Por La Verdad  ·  13.02.2022

Hace unos días pude disfrutar de un paseo por
las calles de Toledo y
visitar las sinagogas de
Santa María la Blanca
y del Tránsito. Siempre que paseo
por una judería o visito o uno de
sus templos sagrados me invade
una especie de tristeza, de melancolía. En la sinagoga de Santa María la Blanca hay un pequeño museo que narra brevemente la historia de los judíos de Toledo y de
la península ibérica y, como no puede ser de otra manera, es la historia de la persecución y la desposesión, del señalamiento y de la acumulación de un odio milenario que
se nutre de violencias cotidianas
y que estalla en grandes masacres
y expulsiones. Visito esos enclaves
en los que busco algún rastro de
su cultura extraordinaria, de la inteligencia de sus sabios, paseo por
las calles que algún día acogieron
el bullicio de sus vidas. Me detengo y pienso por qué hablo de ellos
como si fueran otros cuando, en
realidad, son parte de mi historia,
de nuestra historia. Aunque tampoco me extraña: que las sinagogas sigan teniendo una nomenclatura católica es una mínima parte
de la herencia de violencia antisemita que hemos normalizado.

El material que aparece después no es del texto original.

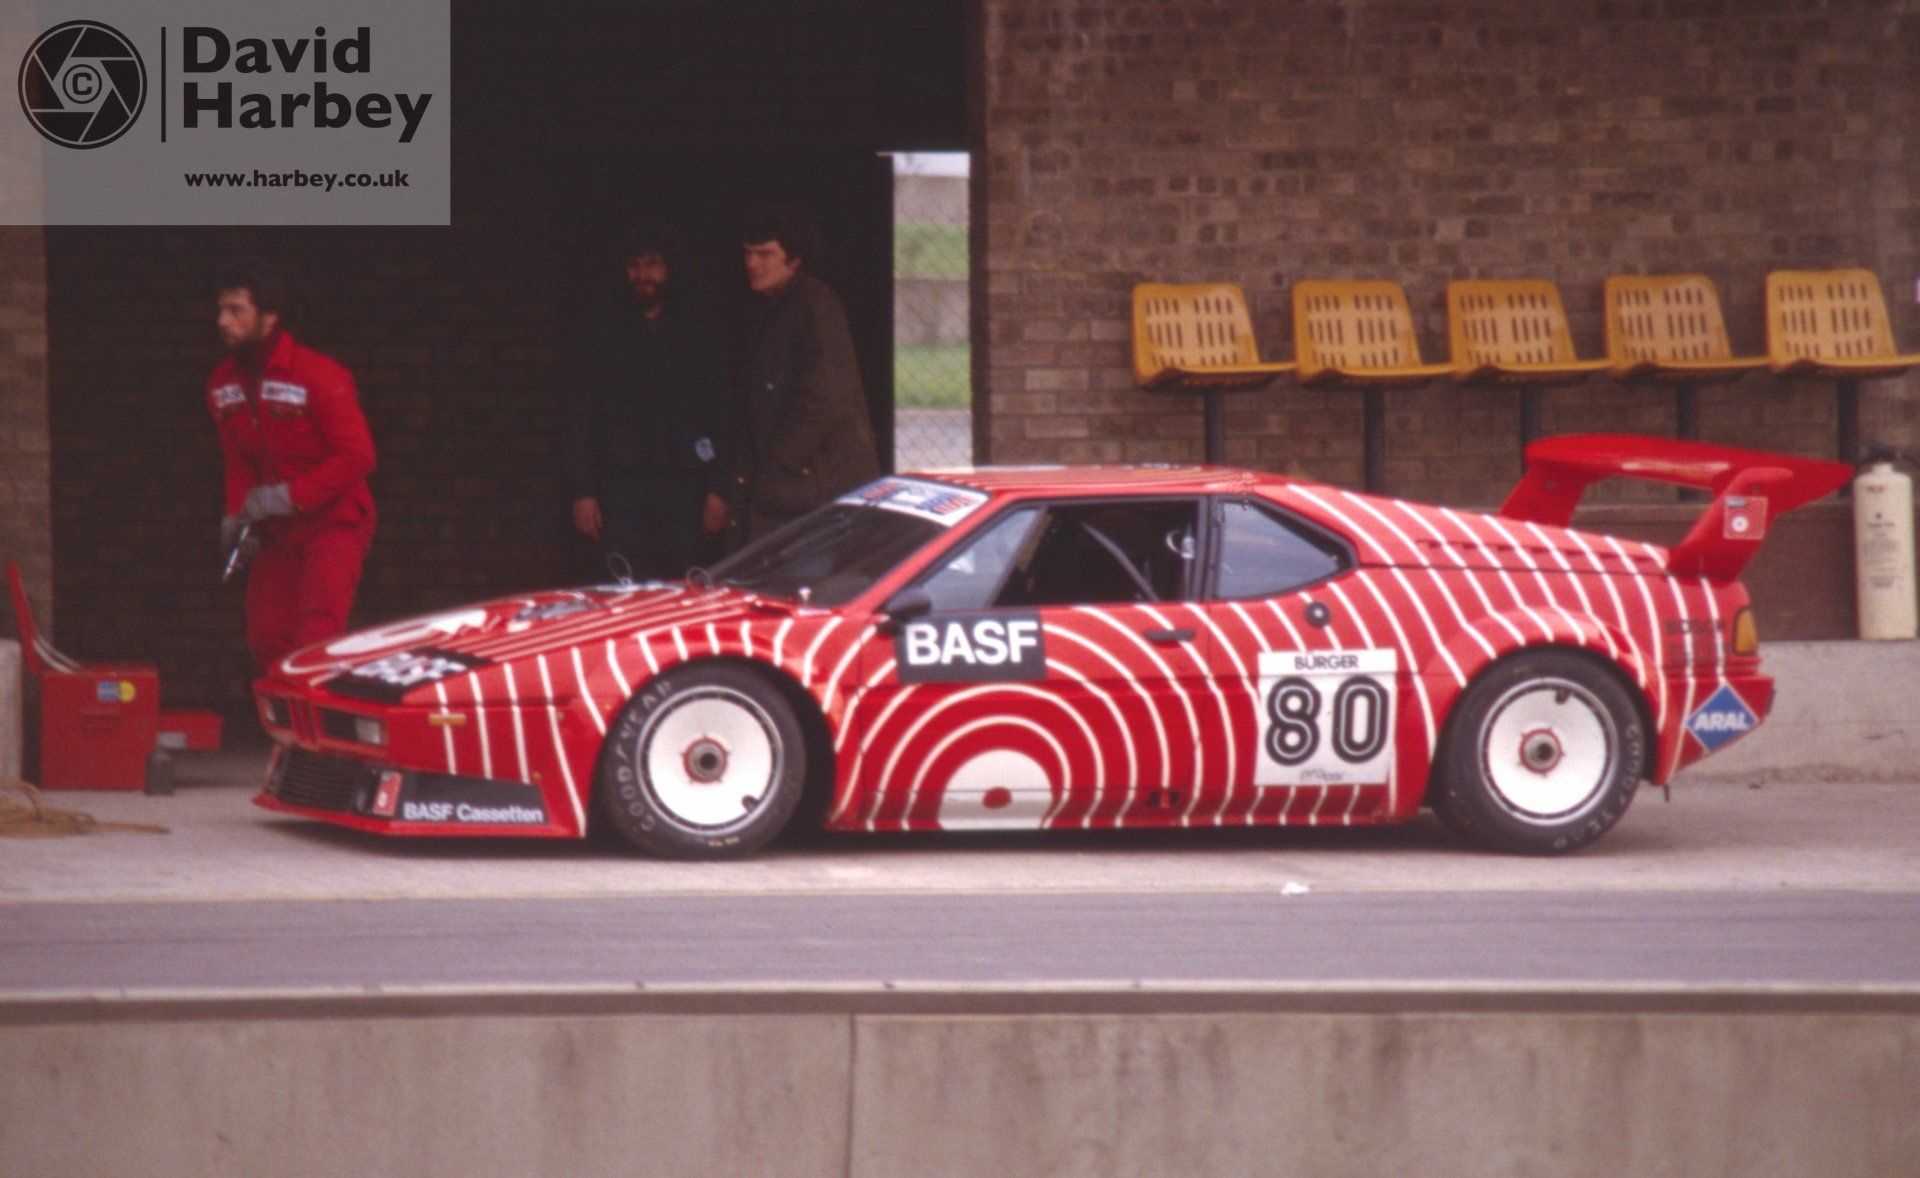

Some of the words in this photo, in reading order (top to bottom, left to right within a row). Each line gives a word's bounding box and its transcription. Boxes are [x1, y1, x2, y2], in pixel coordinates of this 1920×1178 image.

[906, 620, 1038, 665] BASF
[1265, 674, 1389, 767] 80
[1693, 711, 1749, 731] ARAL
[403, 802, 453, 821] BASF
[456, 804, 544, 823] Cassetten
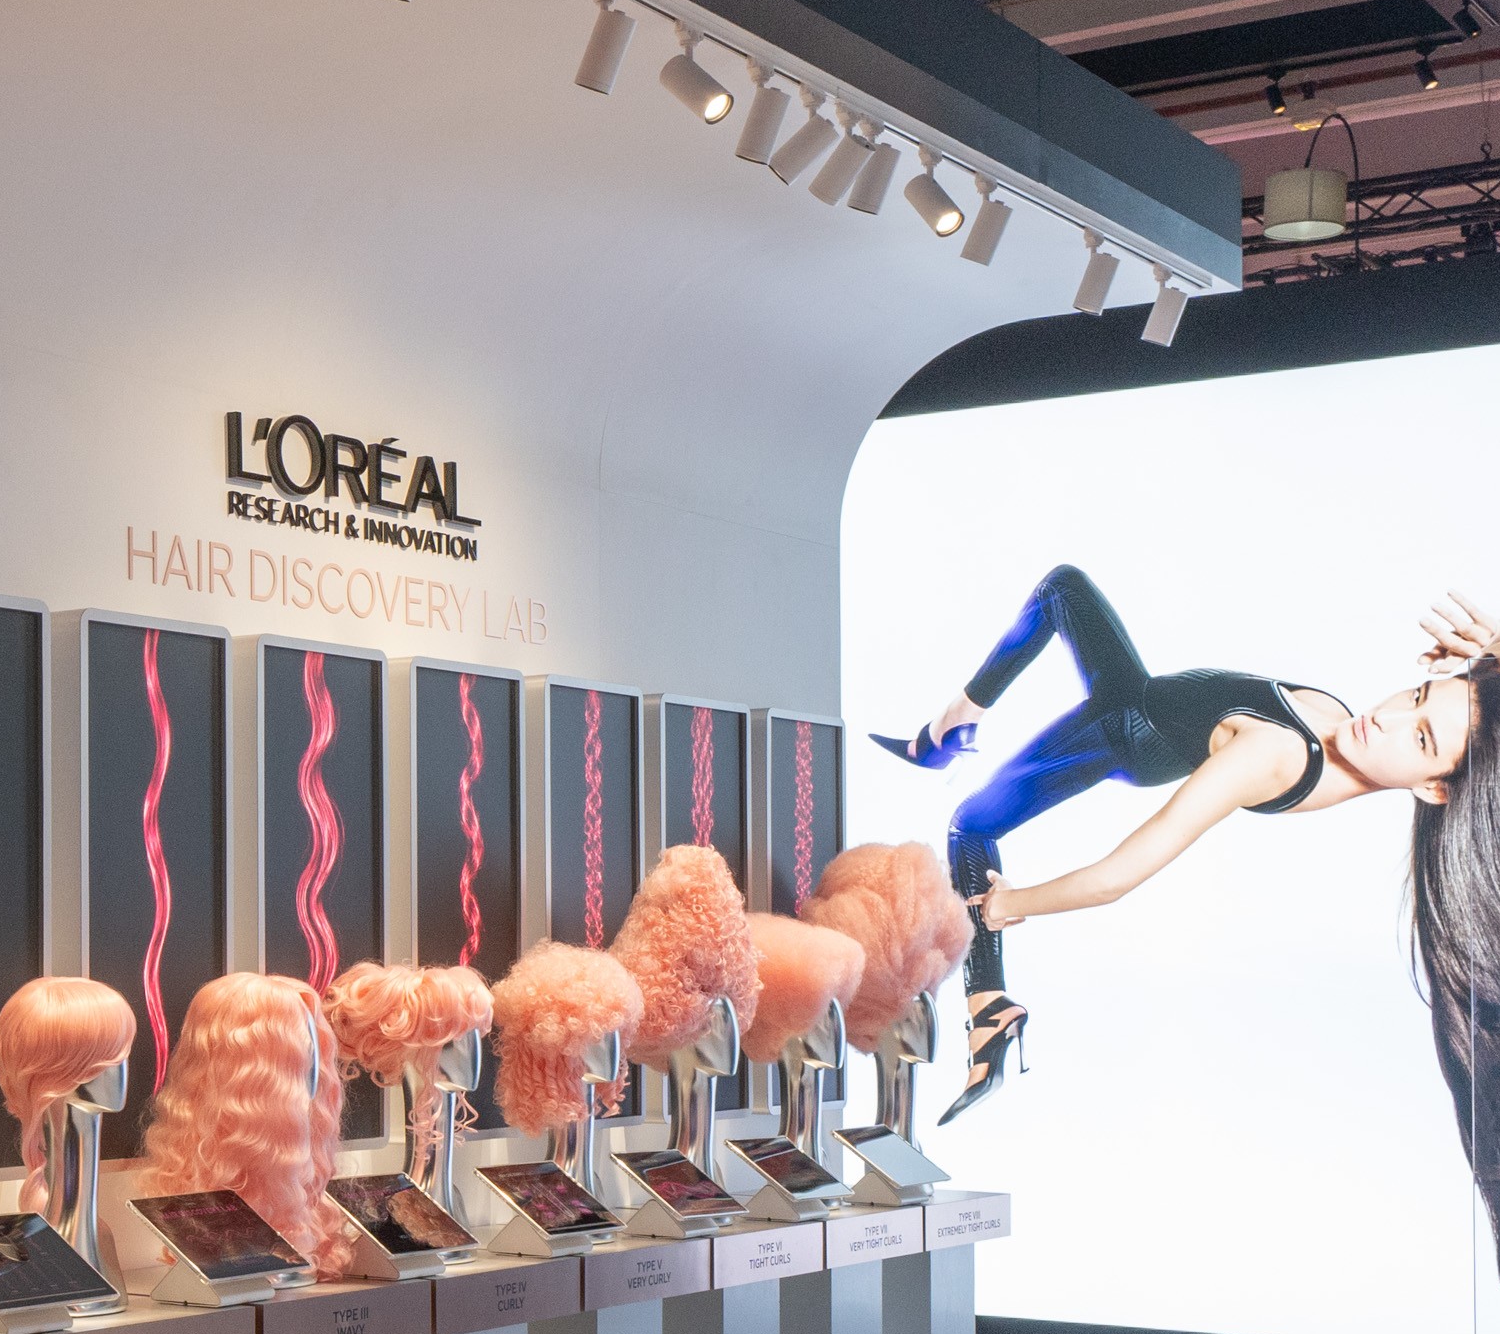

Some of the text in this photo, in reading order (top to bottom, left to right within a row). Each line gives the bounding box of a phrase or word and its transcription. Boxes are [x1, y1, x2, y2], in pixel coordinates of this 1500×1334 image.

[223, 411, 482, 527] L'ORÉAL
[226, 490, 479, 562] RESEARCH & INNOVATION
[126, 525, 549, 646] HAIR DISCOVERY LAB
[958, 1211, 972, 1222] TYPE
[864, 1225, 879, 1237] TYPE
[937, 1218, 1001, 1238] EXTREMELY TIGHT CURLS
[758, 1241, 783, 1254] TYPE VI
[849, 1234, 903, 1252] VERY TIGHT CURLS
[636, 1259, 663, 1273] TYPE V
[749, 1253, 791, 1269] TIGHT CURLS
[494, 1280, 527, 1297] TYPE IV
[627, 1271, 672, 1290] VERY CURLY
[497, 1296, 525, 1312] CURLY
[332, 1306, 369, 1324] TYPE III

Por desgracia, el antisemitismo
no es cosa del pasado y, como bien
sabemos, España no tiene la exclusiva del intento de exterminar
a los judíos. Auschwitz nos mostró de la forma más cruda y brutal el paroxismo del odio antisemita. Y a pesar de ser conscientes
de la dimensión de aquel horror y
después de décadas de una inmensa producción historiográfica y
cultural que lo muestra, el antisemitismo, con todos sus antiguos
tópicos y su incitación a la deshumanización y la violencia, sigue
vigente. Así lo demuestra Talia Lavin –joven autora judía estadounidense– en un libro titulado ‘La
cultura del odio: Un periplo por la
‘dark’ web de la supremacía blanca’, recientemente publicado por Capitán Swing.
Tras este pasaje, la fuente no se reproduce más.